Looking in the back pages of 90s outdoor or mountain bike magazines, there’s a lot of small clothing brands that started out around that time that aren’t around now. What was different with Montane? What did you do differently?

I think we came up with a strategy that was good, clear, simple and successful, and it stood the test of time. We came up with an idea that was differentiated compared to the other British brands and it resonated with the times. We had this lightweight, breathable thing and we stuck with it—we didn’t constantly change. 

Yeah—those early concepts are still there today. Looking back on all this—is there one Montane product that kind of sums it all up for you?
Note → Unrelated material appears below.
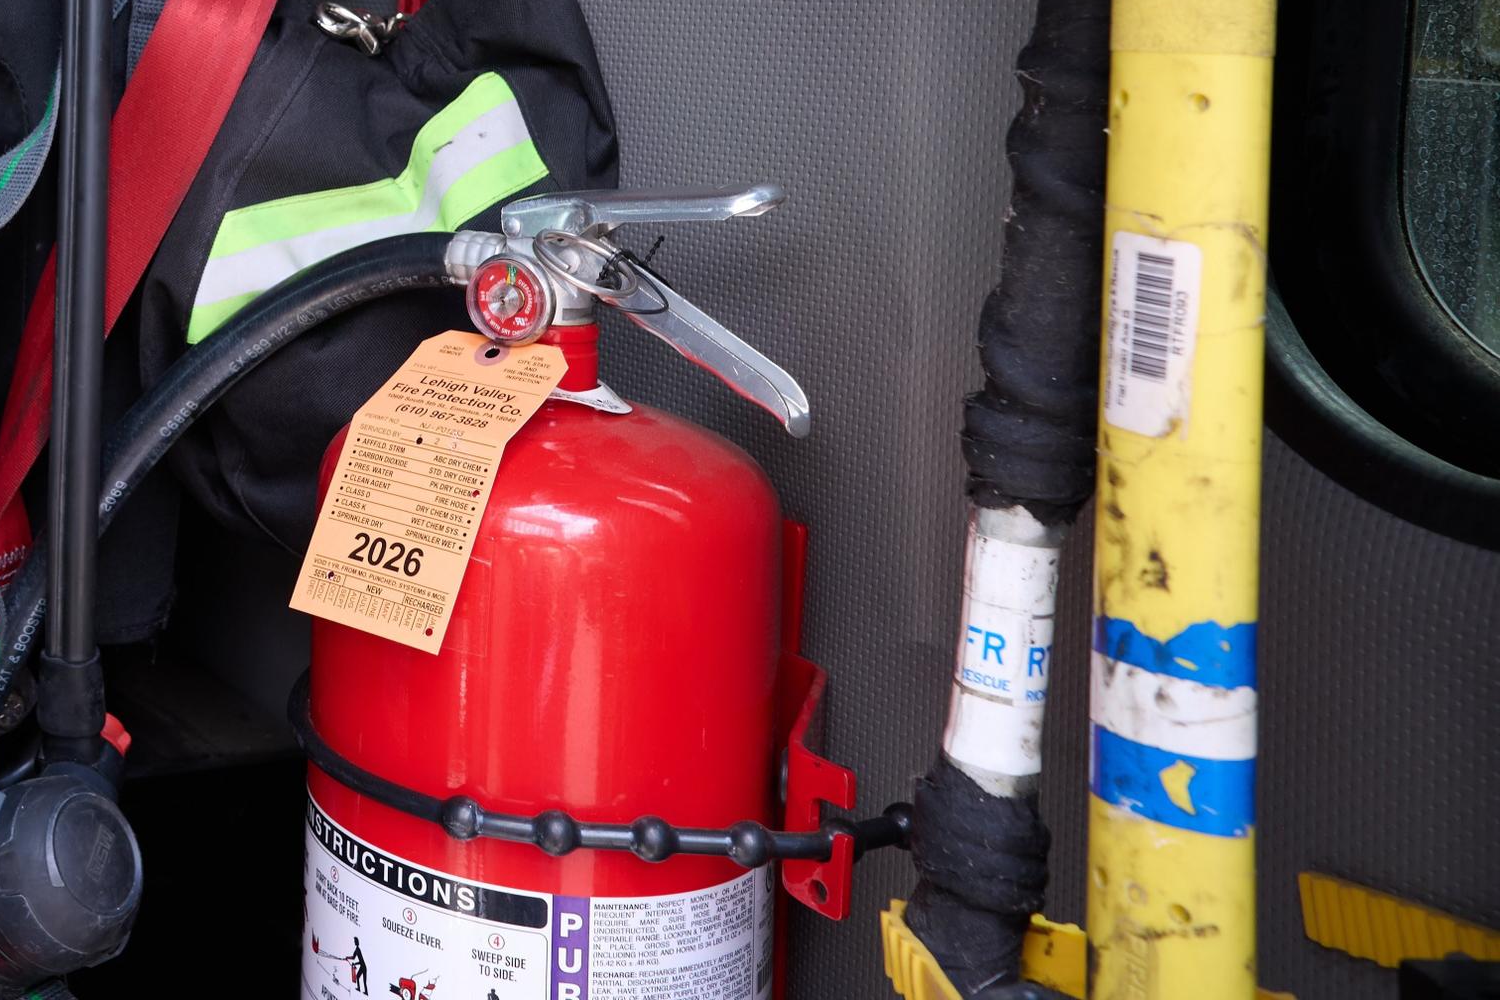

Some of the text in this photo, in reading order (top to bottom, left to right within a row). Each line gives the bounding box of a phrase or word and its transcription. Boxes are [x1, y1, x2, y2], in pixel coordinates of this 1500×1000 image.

It’s between the Featherlite Smock and the Extreme Jacket really. The Extreme was where we started and that’s what set us running, and the Featherlite was just so simple and conceptually different to everything that was around. That was the thing that set us on the road to success, really—up until then we were just bumbling along—things weren’t stellar—but then things exploded when we came up with our first super lightweight products. We were about seven years in, and that was the turning point. So yeah—I think I’d say the Featherlite.